So many things to do, so little time. Or is it enough time, so little energy? It’s easy to feel as though you’re on a treadmill with everything at work and in the rest of your life demanding more attention and action on your part.
1. Get enough sleep
Too many people treat lack of sleep as a badge of valor. It may be necessary sometimes, but it can hurt you in the long run. When you’re short of sleep your thinking becomes muddled, your reaction times are slower, and your efficiency plummets. Not getting enough sleep negatively affects your health, not just your productivity. The good news is that you can pay off the debt by getting some extra sleep every night.
2. Make sure you eat
Skipping meals is a questionable way of losing weight, but it’s terrible when it comes to maintaining energy. Food is the fuel your body needs to move, think, feel, and operate. And, yes, your mom was right: Breakfast is particularly important to get you started.

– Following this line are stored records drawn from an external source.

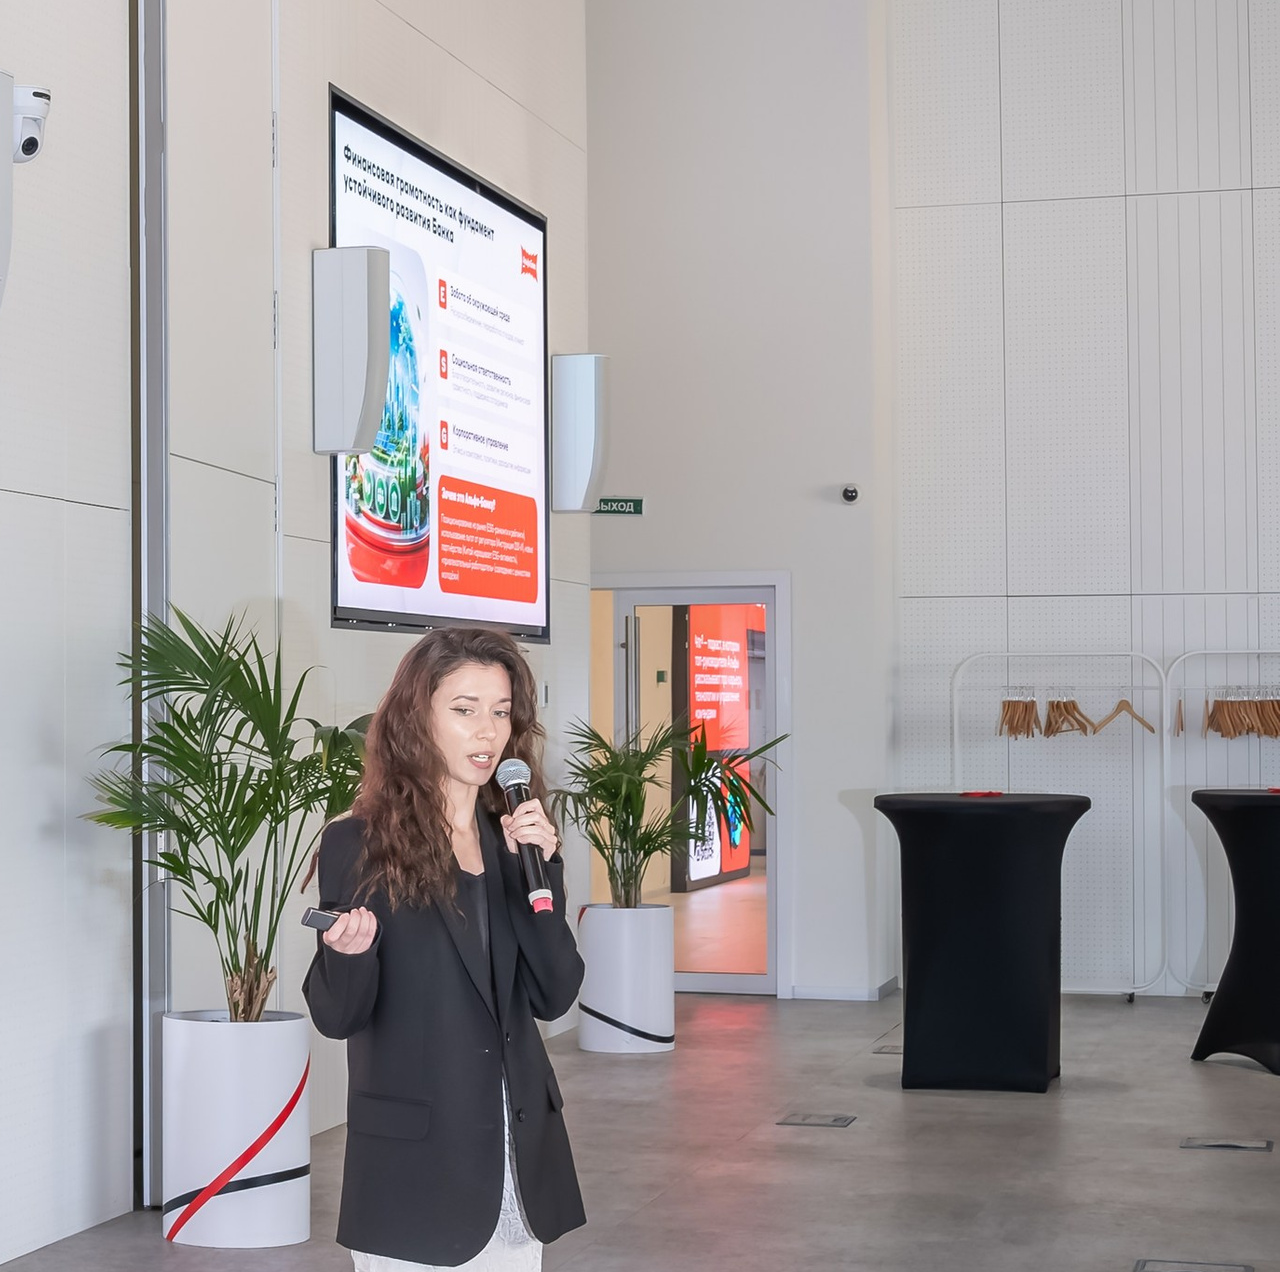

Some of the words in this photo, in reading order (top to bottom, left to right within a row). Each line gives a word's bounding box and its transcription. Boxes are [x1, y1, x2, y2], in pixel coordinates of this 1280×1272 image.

[343, 143, 395, 187] Финансовая
[396, 176, 443, 213] грамотность
[445, 203, 457, 221] как
[458, 205, 495, 242] фундамент
[343, 174, 394, 213] устойчивого
[395, 202, 431, 231] развития
[432, 217, 454, 243] Банка
[596, 500, 634, 513] ЫХОД

3. Be sure you drink enough
Virtually all the body’s processes require water. Without enough, the biochemical reactions can’t properly work. Drink plenty of water throughout the day.
4. Don’t trust sugar
Looking to a candy bar for a quick pick-me-up is actually a great way to need a little lie-down. Sugar is a short-term fuel that fools you with a quick burst of energy only to drain it away with a crash.
5. Have some caffeine
People habitually reach for caffeine for a reason: It will pick you up. The metabolic effects are complex and research says that some people may need as much as three cups to make a difference. Then again, there is some evidence that even a single cup may be enough to help, as has been shown by the greater attention demonstrated during prolonged simulated highway driving.

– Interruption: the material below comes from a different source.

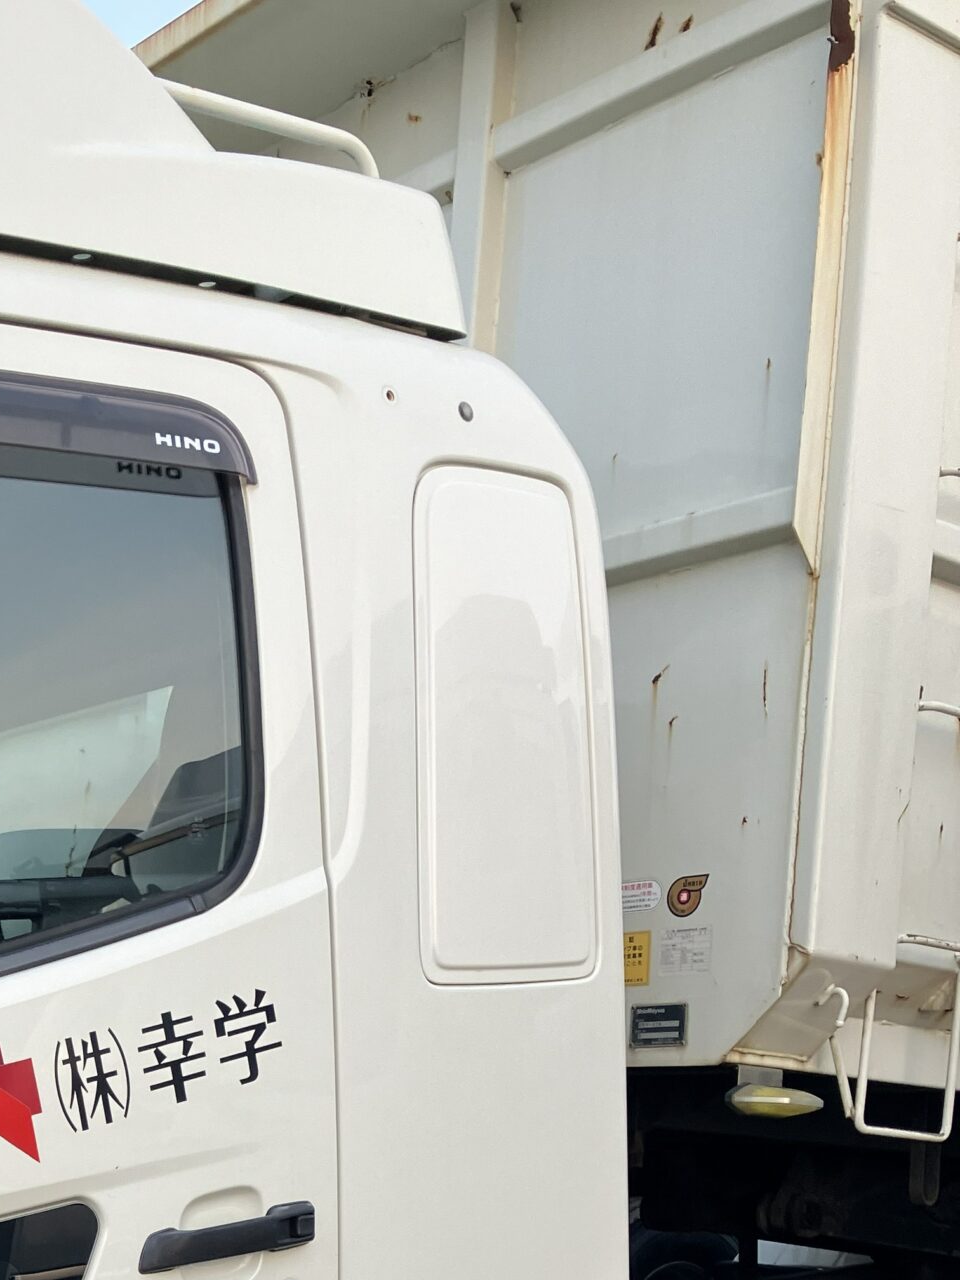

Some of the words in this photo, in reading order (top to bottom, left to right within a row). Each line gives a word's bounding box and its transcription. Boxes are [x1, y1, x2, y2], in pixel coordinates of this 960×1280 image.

[155, 432, 221, 454] HINO
[116, 461, 183, 480] HINO
[54, 988, 283, 1133] (株)幸学

Regular physical exercise boosts energy levels. It helps heart and lungs to operate more efficiently and will “deliver oxygen and nutrients to your tissues.”
7. Take a nap
There are times that you won’t get enough sleep at night. Rather than constantly fight drowsiness, sometimes a nap in the middle of the day can refresh you enough to keep going.
8. Switch off between tasks
You can get drained by monotony. When you’re flagging, try swapping off to do something different; it will help you keep yourself more alert.
9. See the doctor
Basic conditions like problems with thyroid or blood-sugar levels can affect the amount of energy the body can create. If you haven’t had a physical in a while, get one now.
10. Get up and move some
In addition to switching mental gears for a bit, getting up and away from your desk can help.

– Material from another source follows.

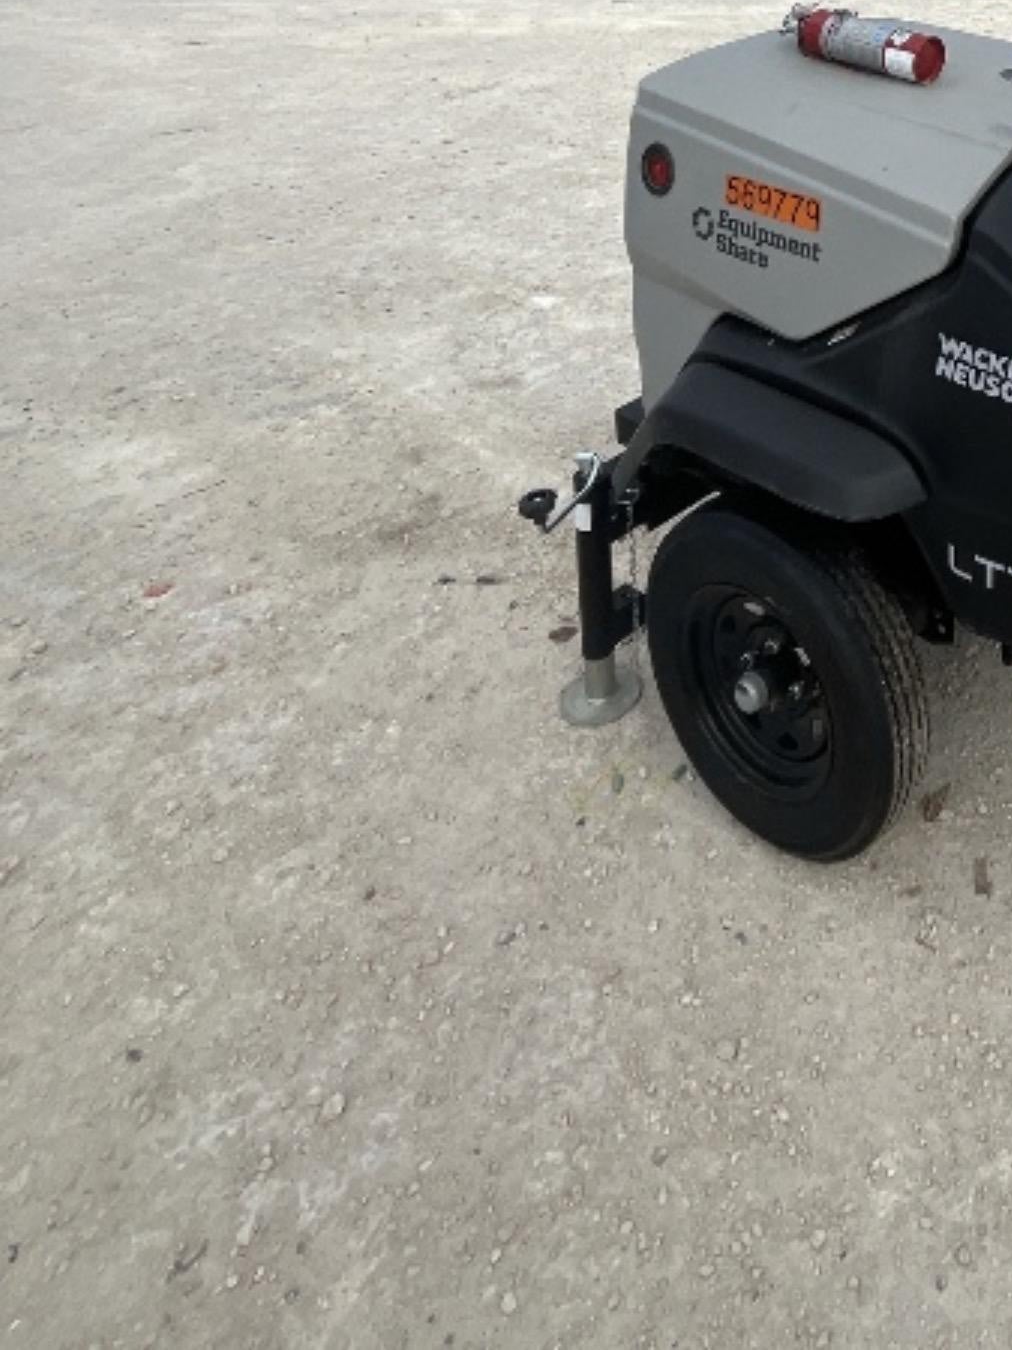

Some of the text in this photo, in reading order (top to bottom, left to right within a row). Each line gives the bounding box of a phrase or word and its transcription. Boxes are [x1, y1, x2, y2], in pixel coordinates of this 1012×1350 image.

[726, 176, 820, 231] 569779
[716, 233, 769, 268] Share
[718, 209, 821, 262] Equipment

11. Have the right balance of minerals
Potassium and other minerals are necessary for health and to keep the body producing energy. Use an old hiking tip and keep some dried fruit and nuts around. They’re good sources of potassium.
12. Get into the light
Maybe it’s because of thousands of years of conditioning and association, but dark can make you tired. Some research has suggested that exposure to light can increase alertness, at least at night.
13. Take a cold shower
Yeah, maybe not your favorite treat in the world. But a cold shower will wake you up like few other things. Some researchers have said that a 3-minute cold shower could reduce fatigue in those who suffer from chronic fatigue syndrome.
14. Break out the lemon
Aromatherapy may be popular with the new age crowd, but does it work? In the case of energy and the smell of lemons, apparently so. Ohio State University researchers found that lemon aroma had a “positive effect on mood.” Your own experience would probably show that a better mood is more likely to bring about greater energy.
15. Turn up the volume
Cranking up the tunes stimulated higher self-reported levels of energy, according to researchers.
16. Check your posture
Score another one for mom: Posture matters. Sit up and it’s easier to generate positive thoughts quickly. Also, body posture affects subjective energy levels.
17. Splash some cold water on your face
According to University of Chicago researchers, splashing cold water on the face or wrists perks you up. The reason why isn’t absolutely clear, but it might have something to do with the release of noradrenaline, a hormone that is a “fight or flight” chemical.